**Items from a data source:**
● ● ●

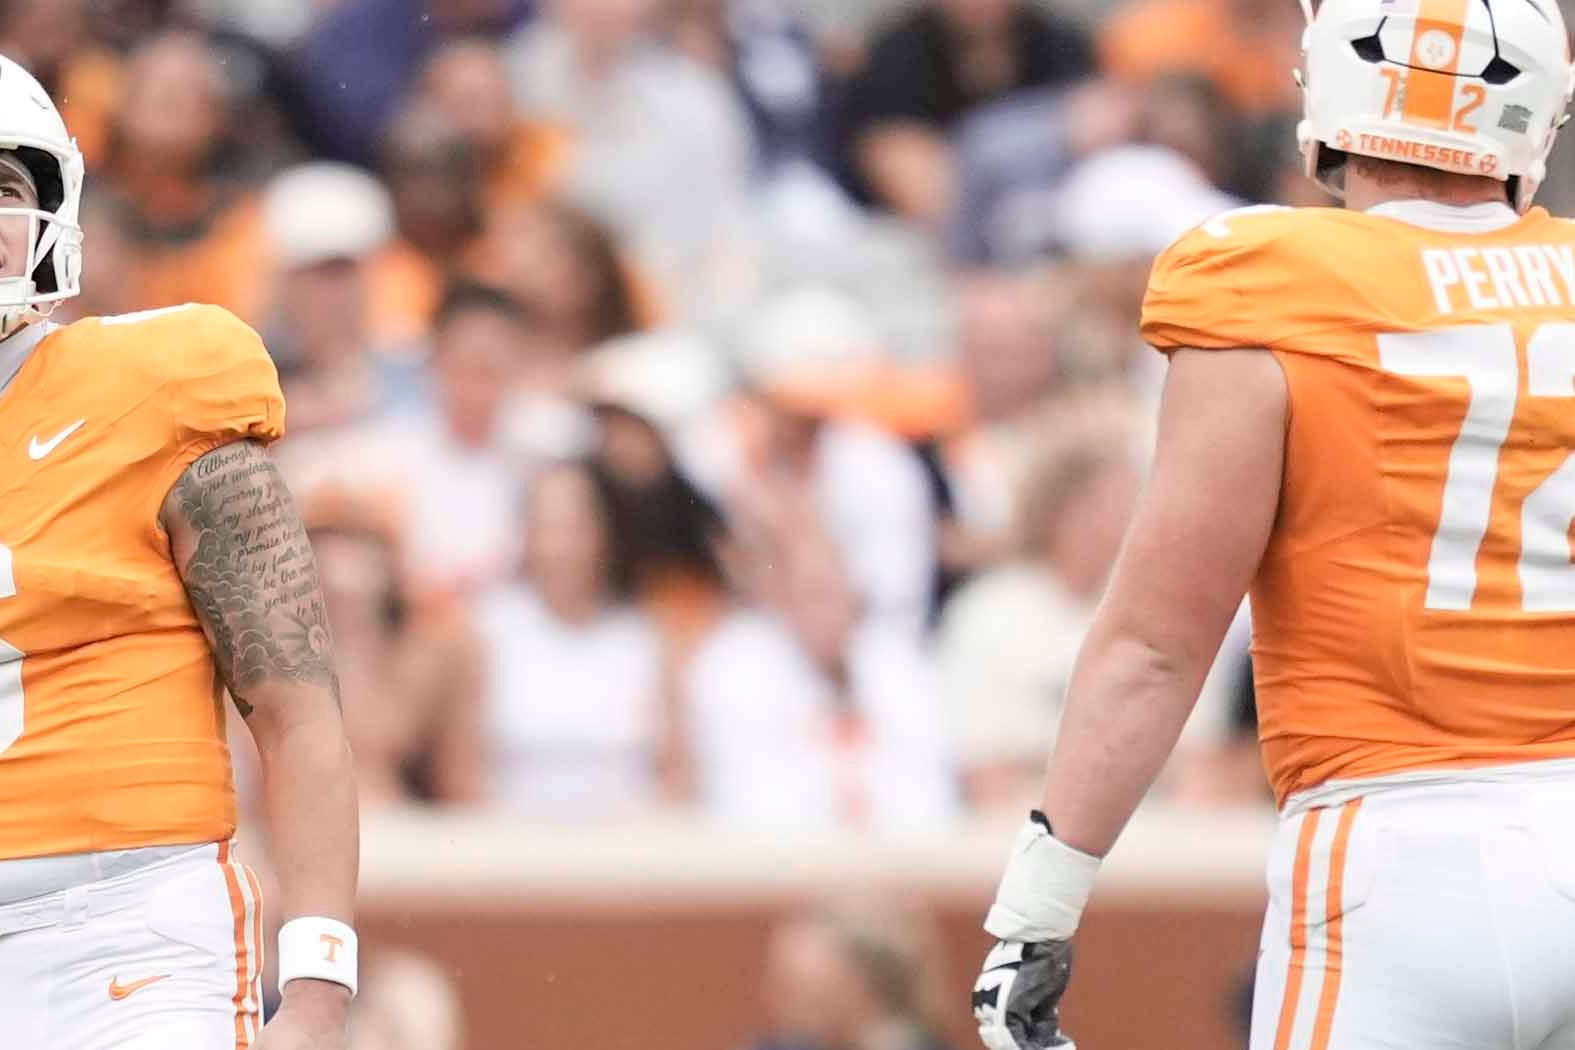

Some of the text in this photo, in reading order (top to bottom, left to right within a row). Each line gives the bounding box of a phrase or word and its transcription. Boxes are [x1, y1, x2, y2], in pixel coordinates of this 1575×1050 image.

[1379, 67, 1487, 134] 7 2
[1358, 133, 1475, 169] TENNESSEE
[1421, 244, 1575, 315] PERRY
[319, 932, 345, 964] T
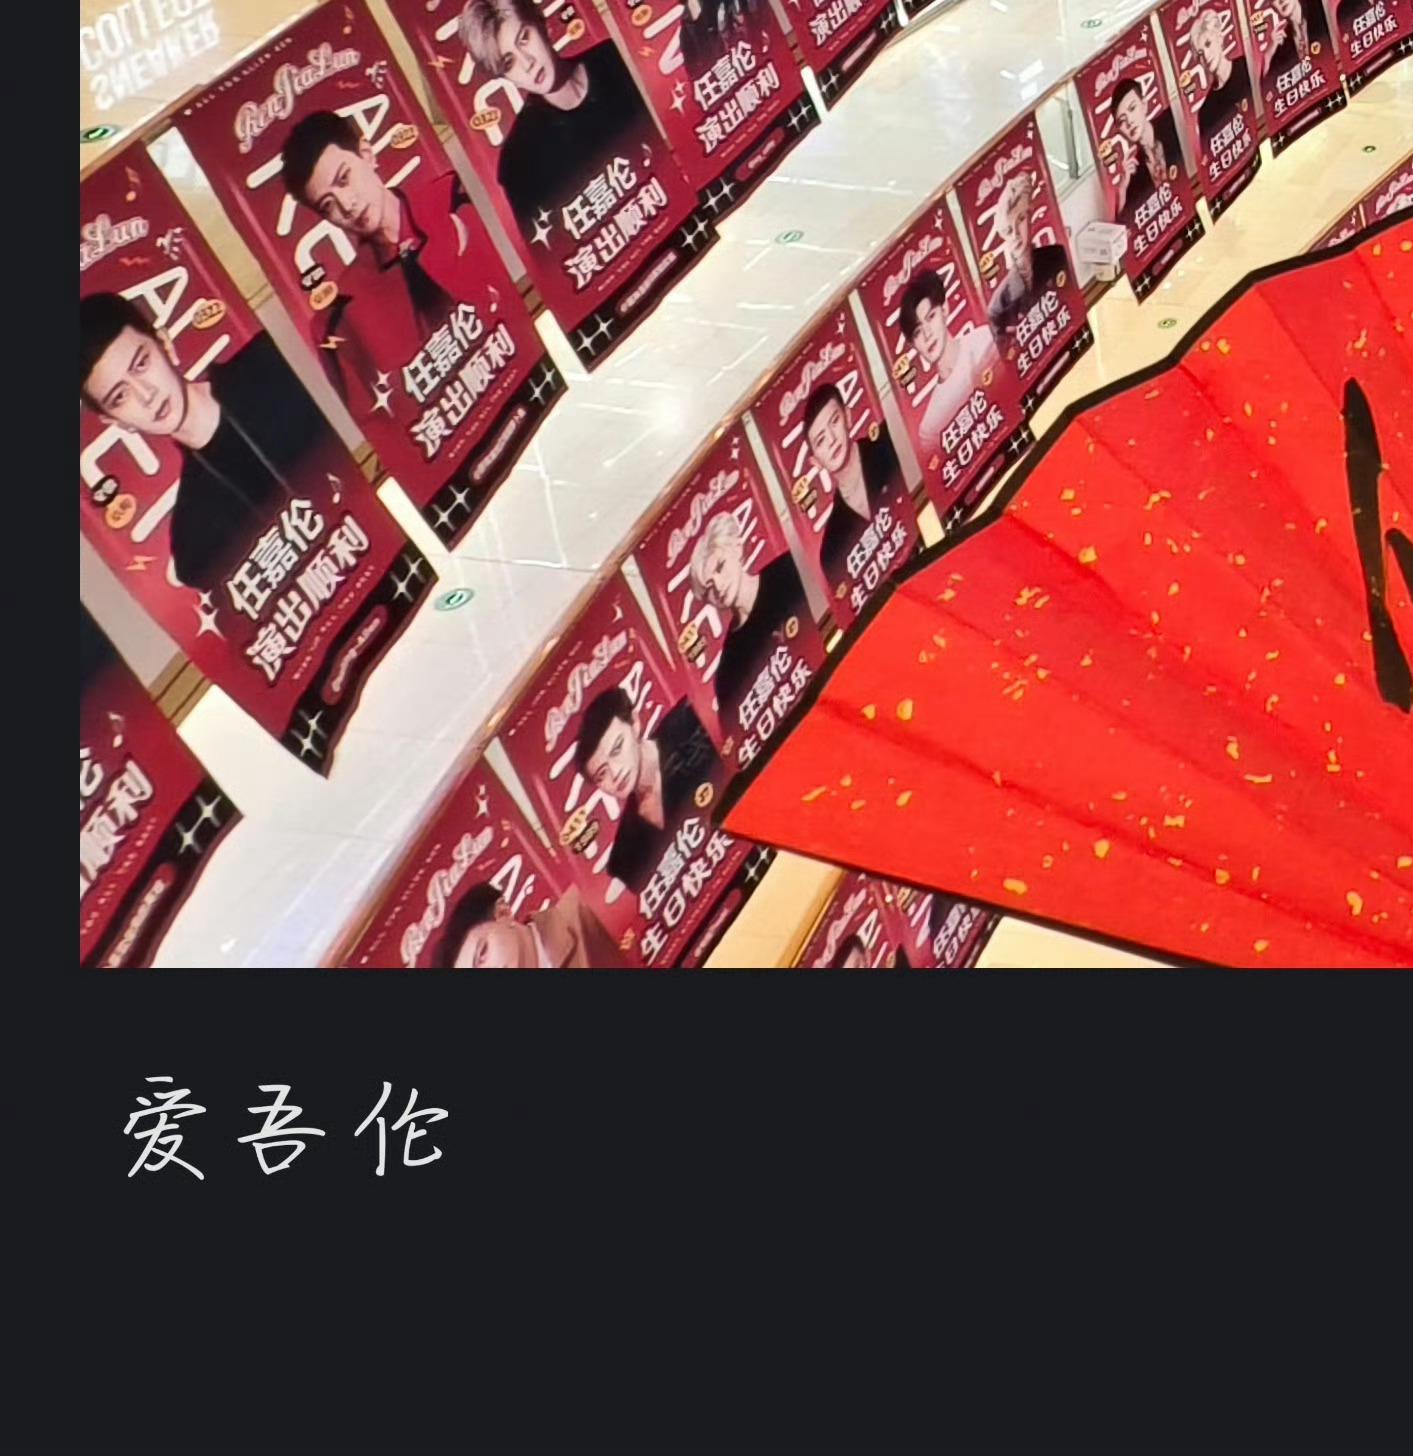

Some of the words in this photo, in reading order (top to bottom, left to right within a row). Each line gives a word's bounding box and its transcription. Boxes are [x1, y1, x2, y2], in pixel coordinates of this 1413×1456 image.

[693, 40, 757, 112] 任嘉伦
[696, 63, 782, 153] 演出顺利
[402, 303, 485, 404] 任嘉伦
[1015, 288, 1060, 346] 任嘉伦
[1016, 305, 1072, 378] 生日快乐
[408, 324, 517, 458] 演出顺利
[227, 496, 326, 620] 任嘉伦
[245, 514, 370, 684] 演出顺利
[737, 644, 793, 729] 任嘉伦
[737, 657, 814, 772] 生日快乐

● ● ●

**WORK TO COMPLETE:**
Each line from the one with "Some of the words" through the end of the records above should be written out exactly. No other line should appear.

**ANSWER FOR THIS EXERCISE:**
Some of the words in this photo, in reading order (top to bottom, left to right within a row). Each line gives a word's bounding box and its transcription. Boxes are [x1, y1, x2, y2], in pixel coordinates of this 1413×1456 image.

[693, 40, 757, 112] 任嘉伦
[696, 63, 782, 153] 演出顺利
[402, 303, 485, 404] 任嘉伦
[1015, 288, 1060, 346] 任嘉伦
[1016, 305, 1072, 378] 生日快乐
[408, 324, 517, 458] 演出顺利
[227, 496, 326, 620] 任嘉伦
[245, 514, 370, 684] 演出顺利
[737, 644, 793, 729] 任嘉伦
[737, 657, 814, 772] 生日快乐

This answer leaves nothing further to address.